(TASK OBJECTIVE) Nothing is to be left out: repeat every entry exactly as given.

(RECORDS TO USE)

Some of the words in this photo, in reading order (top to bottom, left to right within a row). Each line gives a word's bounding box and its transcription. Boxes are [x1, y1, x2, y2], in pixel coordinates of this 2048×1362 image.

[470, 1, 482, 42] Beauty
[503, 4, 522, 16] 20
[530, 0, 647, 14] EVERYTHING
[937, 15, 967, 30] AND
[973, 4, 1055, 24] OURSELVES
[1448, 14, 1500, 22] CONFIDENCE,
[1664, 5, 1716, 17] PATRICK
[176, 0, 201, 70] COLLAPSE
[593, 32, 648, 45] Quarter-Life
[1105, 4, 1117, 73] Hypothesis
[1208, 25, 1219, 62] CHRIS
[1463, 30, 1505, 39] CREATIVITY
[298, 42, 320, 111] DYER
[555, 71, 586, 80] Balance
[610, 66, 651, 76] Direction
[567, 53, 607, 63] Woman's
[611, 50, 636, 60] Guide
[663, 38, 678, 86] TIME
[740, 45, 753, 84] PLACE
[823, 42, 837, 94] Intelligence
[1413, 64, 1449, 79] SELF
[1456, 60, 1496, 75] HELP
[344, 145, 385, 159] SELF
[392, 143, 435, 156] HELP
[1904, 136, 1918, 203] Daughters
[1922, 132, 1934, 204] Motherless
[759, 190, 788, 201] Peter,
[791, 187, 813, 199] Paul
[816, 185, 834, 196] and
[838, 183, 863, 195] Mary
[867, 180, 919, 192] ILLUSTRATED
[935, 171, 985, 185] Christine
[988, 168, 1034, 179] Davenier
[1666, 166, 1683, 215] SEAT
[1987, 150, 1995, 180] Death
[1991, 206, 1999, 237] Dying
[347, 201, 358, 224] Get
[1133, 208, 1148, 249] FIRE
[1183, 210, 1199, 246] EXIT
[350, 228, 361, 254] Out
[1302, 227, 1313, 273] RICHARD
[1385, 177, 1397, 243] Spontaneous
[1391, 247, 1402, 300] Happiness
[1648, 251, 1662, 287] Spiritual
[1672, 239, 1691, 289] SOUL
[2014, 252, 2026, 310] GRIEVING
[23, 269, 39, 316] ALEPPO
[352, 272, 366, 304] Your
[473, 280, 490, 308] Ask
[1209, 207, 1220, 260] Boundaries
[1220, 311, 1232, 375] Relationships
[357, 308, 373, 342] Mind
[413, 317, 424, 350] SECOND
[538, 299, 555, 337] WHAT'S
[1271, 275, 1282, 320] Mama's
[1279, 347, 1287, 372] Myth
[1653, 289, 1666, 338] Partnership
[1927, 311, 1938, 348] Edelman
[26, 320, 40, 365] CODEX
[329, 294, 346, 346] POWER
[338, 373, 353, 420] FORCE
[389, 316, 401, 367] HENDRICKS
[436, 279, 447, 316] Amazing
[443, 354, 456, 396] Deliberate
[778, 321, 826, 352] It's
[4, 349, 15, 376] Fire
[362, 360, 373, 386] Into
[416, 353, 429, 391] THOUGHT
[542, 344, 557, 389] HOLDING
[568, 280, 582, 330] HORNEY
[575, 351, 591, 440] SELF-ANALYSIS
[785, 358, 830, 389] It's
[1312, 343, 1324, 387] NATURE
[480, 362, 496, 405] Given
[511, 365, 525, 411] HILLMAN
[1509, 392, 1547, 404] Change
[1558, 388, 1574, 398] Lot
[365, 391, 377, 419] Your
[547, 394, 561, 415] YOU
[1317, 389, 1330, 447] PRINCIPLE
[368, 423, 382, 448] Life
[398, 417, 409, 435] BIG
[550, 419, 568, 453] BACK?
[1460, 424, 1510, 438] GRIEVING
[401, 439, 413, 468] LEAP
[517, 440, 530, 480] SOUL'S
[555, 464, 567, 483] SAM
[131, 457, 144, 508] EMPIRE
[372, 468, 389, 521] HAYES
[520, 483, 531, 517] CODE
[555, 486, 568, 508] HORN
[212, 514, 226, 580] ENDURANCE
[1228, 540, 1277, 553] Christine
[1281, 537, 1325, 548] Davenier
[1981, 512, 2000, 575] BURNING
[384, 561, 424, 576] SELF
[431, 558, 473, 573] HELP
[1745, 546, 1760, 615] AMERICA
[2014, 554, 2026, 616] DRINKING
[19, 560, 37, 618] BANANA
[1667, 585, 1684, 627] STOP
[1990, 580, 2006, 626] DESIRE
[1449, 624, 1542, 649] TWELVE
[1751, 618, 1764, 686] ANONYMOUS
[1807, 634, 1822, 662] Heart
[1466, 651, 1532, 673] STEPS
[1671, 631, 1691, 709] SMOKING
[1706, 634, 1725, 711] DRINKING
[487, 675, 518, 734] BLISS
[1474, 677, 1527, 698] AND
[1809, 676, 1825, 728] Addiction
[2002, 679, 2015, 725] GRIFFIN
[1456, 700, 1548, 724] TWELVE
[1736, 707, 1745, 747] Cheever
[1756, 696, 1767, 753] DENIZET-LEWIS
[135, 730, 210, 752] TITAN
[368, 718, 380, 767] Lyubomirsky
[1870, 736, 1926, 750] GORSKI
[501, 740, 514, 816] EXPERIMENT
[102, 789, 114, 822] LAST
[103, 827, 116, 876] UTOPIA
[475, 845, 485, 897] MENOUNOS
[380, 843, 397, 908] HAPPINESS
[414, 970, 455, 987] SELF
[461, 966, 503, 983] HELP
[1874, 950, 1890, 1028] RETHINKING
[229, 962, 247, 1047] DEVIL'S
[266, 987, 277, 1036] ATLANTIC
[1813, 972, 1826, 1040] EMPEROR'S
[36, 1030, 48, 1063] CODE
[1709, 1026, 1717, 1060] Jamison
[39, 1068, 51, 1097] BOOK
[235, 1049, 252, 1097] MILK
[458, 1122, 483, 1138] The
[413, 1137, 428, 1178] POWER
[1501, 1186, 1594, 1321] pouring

(EXERCISE SOLUTION)
Some of the words in this photo, in reading order (top to bottom, left to right within a row). Each line gives a word's bounding box and its transcription. Boxes are [x1, y1, x2, y2], in pixel coordinates of this 2048×1362 image.

[470, 1, 482, 42] Beauty
[503, 4, 522, 16] 20
[530, 0, 647, 14] EVERYTHING
[937, 15, 967, 30] AND
[973, 4, 1055, 24] OURSELVES
[1448, 14, 1500, 22] CONFIDENCE,
[1664, 5, 1716, 17] PATRICK
[176, 0, 201, 70] COLLAPSE
[593, 32, 648, 45] Quarter-Life
[1105, 4, 1117, 73] Hypothesis
[1208, 25, 1219, 62] CHRIS
[1463, 30, 1505, 39] CREATIVITY
[298, 42, 320, 111] DYER
[555, 71, 586, 80] Balance
[610, 66, 651, 76] Direction
[567, 53, 607, 63] Woman's
[611, 50, 636, 60] Guide
[663, 38, 678, 86] TIME
[740, 45, 753, 84] PLACE
[823, 42, 837, 94] Intelligence
[1413, 64, 1449, 79] SELF
[1456, 60, 1496, 75] HELP
[344, 145, 385, 159] SELF
[392, 143, 435, 156] HELP
[1904, 136, 1918, 203] Daughters
[1922, 132, 1934, 204] Motherless
[759, 190, 788, 201] Peter,
[791, 187, 813, 199] Paul
[816, 185, 834, 196] and
[838, 183, 863, 195] Mary
[867, 180, 919, 192] ILLUSTRATED
[935, 171, 985, 185] Christine
[988, 168, 1034, 179] Davenier
[1666, 166, 1683, 215] SEAT
[1987, 150, 1995, 180] Death
[1991, 206, 1999, 237] Dying
[347, 201, 358, 224] Get
[1133, 208, 1148, 249] FIRE
[1183, 210, 1199, 246] EXIT
[350, 228, 361, 254] Out
[1302, 227, 1313, 273] RICHARD
[1385, 177, 1397, 243] Spontaneous
[1391, 247, 1402, 300] Happiness
[1648, 251, 1662, 287] Spiritual
[1672, 239, 1691, 289] SOUL
[2014, 252, 2026, 310] GRIEVING
[23, 269, 39, 316] ALEPPO
[352, 272, 366, 304] Your
[473, 280, 490, 308] Ask
[1209, 207, 1220, 260] Boundaries
[1220, 311, 1232, 375] Relationships
[357, 308, 373, 342] Mind
[413, 317, 424, 350] SECOND
[538, 299, 555, 337] WHAT'S
[1271, 275, 1282, 320] Mama's
[1279, 347, 1287, 372] Myth
[1653, 289, 1666, 338] Partnership
[1927, 311, 1938, 348] Edelman
[26, 320, 40, 365] CODEX
[329, 294, 346, 346] POWER
[338, 373, 353, 420] FORCE
[389, 316, 401, 367] HENDRICKS
[436, 279, 447, 316] Amazing
[443, 354, 456, 396] Deliberate
[778, 321, 826, 352] It's
[4, 349, 15, 376] Fire
[362, 360, 373, 386] Into
[416, 353, 429, 391] THOUGHT
[542, 344, 557, 389] HOLDING
[568, 280, 582, 330] HORNEY
[575, 351, 591, 440] SELF-ANALYSIS
[785, 358, 830, 389] It's
[1312, 343, 1324, 387] NATURE
[480, 362, 496, 405] Given
[511, 365, 525, 411] HILLMAN
[1509, 392, 1547, 404] Change
[1558, 388, 1574, 398] Lot
[365, 391, 377, 419] Your
[547, 394, 561, 415] YOU
[1317, 389, 1330, 447] PRINCIPLE
[368, 423, 382, 448] Life
[398, 417, 409, 435] BIG
[550, 419, 568, 453] BACK?
[1460, 424, 1510, 438] GRIEVING
[401, 439, 413, 468] LEAP
[517, 440, 530, 480] SOUL'S
[555, 464, 567, 483] SAM
[131, 457, 144, 508] EMPIRE
[372, 468, 389, 521] HAYES
[520, 483, 531, 517] CODE
[555, 486, 568, 508] HORN
[212, 514, 226, 580] ENDURANCE
[1228, 540, 1277, 553] Christine
[1281, 537, 1325, 548] Davenier
[1981, 512, 2000, 575] BURNING
[384, 561, 424, 576] SELF
[431, 558, 473, 573] HELP
[1745, 546, 1760, 615] AMERICA
[2014, 554, 2026, 616] DRINKING
[19, 560, 37, 618] BANANA
[1667, 585, 1684, 627] STOP
[1990, 580, 2006, 626] DESIRE
[1449, 624, 1542, 649] TWELVE
[1751, 618, 1764, 686] ANONYMOUS
[1807, 634, 1822, 662] Heart
[1466, 651, 1532, 673] STEPS
[1671, 631, 1691, 709] SMOKING
[1706, 634, 1725, 711] DRINKING
[487, 675, 518, 734] BLISS
[1474, 677, 1527, 698] AND
[1809, 676, 1825, 728] Addiction
[2002, 679, 2015, 725] GRIFFIN
[1456, 700, 1548, 724] TWELVE
[1736, 707, 1745, 747] Cheever
[1756, 696, 1767, 753] DENIZET-LEWIS
[135, 730, 210, 752] TITAN
[368, 718, 380, 767] Lyubomirsky
[1870, 736, 1926, 750] GORSKI
[501, 740, 514, 816] EXPERIMENT
[102, 789, 114, 822] LAST
[103, 827, 116, 876] UTOPIA
[475, 845, 485, 897] MENOUNOS
[380, 843, 397, 908] HAPPINESS
[414, 970, 455, 987] SELF
[461, 966, 503, 983] HELP
[1874, 950, 1890, 1028] RETHINKING
[229, 962, 247, 1047] DEVIL'S
[266, 987, 277, 1036] ATLANTIC
[1813, 972, 1826, 1040] EMPEROR'S
[36, 1030, 48, 1063] CODE
[1709, 1026, 1717, 1060] Jamison
[39, 1068, 51, 1097] BOOK
[235, 1049, 252, 1097] MILK
[458, 1122, 483, 1138] The
[413, 1137, 428, 1178] POWER
[1501, 1186, 1594, 1321] pouring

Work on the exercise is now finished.